**Exercise details**.
The entries should be restated word for word.

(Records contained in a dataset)
=-=-=

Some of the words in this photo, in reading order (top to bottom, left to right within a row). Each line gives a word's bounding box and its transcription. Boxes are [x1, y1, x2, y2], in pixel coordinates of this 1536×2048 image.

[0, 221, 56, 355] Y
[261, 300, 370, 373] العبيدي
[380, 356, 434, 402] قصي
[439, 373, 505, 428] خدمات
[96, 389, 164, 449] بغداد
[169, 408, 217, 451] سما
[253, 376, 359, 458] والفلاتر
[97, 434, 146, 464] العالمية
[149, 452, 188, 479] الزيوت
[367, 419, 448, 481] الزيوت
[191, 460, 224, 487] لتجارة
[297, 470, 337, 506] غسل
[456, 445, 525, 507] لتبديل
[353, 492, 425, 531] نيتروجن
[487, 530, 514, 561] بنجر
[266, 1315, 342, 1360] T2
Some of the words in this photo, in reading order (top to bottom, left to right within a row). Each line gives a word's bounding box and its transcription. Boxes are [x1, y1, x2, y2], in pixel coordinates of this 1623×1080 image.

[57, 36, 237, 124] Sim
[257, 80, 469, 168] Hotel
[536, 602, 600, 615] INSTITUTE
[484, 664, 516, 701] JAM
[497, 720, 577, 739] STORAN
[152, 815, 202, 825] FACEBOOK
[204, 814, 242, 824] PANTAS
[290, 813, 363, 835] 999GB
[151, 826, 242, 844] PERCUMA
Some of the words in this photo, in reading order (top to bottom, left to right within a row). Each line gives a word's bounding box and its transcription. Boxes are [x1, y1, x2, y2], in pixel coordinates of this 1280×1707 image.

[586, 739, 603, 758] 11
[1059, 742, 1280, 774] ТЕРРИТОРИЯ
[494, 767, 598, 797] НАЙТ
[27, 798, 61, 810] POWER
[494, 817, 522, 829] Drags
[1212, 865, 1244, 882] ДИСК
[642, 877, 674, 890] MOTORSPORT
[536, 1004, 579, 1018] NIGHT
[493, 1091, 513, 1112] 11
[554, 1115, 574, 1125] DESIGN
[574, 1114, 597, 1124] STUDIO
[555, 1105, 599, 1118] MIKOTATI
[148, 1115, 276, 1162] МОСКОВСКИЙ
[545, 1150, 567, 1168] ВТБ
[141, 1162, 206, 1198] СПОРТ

=-=-=

**Completed task**.
Some of the words in this photo, in reading order (top to bottom, left to right within a row). Each line gives a word's bounding box and its transcription. Boxes are [x1, y1, x2, y2], in pixel coordinates of this 1536×2048 image.

[0, 221, 56, 355] Y
[261, 300, 370, 373] العبيدي
[380, 356, 434, 402] قصي
[439, 373, 505, 428] خدمات
[96, 389, 164, 449] بغداد
[169, 408, 217, 451] سما
[253, 376, 359, 458] والفلاتر
[97, 434, 146, 464] العالمية
[149, 452, 188, 479] الزيوت
[367, 419, 448, 481] الزيوت
[191, 460, 224, 487] لتجارة
[297, 470, 337, 506] غسل
[456, 445, 525, 507] لتبديل
[353, 492, 425, 531] نيتروجن
[487, 530, 514, 561] بنجر
[266, 1315, 342, 1360] T2
Some of the words in this photo, in reading order (top to bottom, left to right within a row). Each line gives a word's bounding box and its transcription. Boxes are [x1, y1, x2, y2], in pixel coordinates of this 1623×1080 image.

[57, 36, 237, 124] Sim
[257, 80, 469, 168] Hotel
[536, 602, 600, 615] INSTITUTE
[484, 664, 516, 701] JAM
[497, 720, 577, 739] STORAN
[152, 815, 202, 825] FACEBOOK
[204, 814, 242, 824] PANTAS
[290, 813, 363, 835] 999GB
[151, 826, 242, 844] PERCUMA
Some of the words in this photo, in reading order (top to bottom, left to right within a row). Each line gives a word's bounding box and its transcription. Boxes are [x1, y1, x2, y2], in pixel coordinates of this 1280×1707 image.

[586, 739, 603, 758] 11
[1059, 742, 1280, 774] ТЕРРИТОРИЯ
[494, 767, 598, 797] НАЙТ
[27, 798, 61, 810] POWER
[494, 817, 522, 829] Drags
[1212, 865, 1244, 882] ДИСК
[642, 877, 674, 890] MOTORSPORT
[536, 1004, 579, 1018] NIGHT
[493, 1091, 513, 1112] 11
[554, 1115, 574, 1125] DESIGN
[574, 1114, 597, 1124] STUDIO
[555, 1105, 599, 1118] MIKOTATI
[148, 1115, 276, 1162] МОСКОВСКИЙ
[545, 1150, 567, 1168] ВТБ
[141, 1162, 206, 1198] СПОРТ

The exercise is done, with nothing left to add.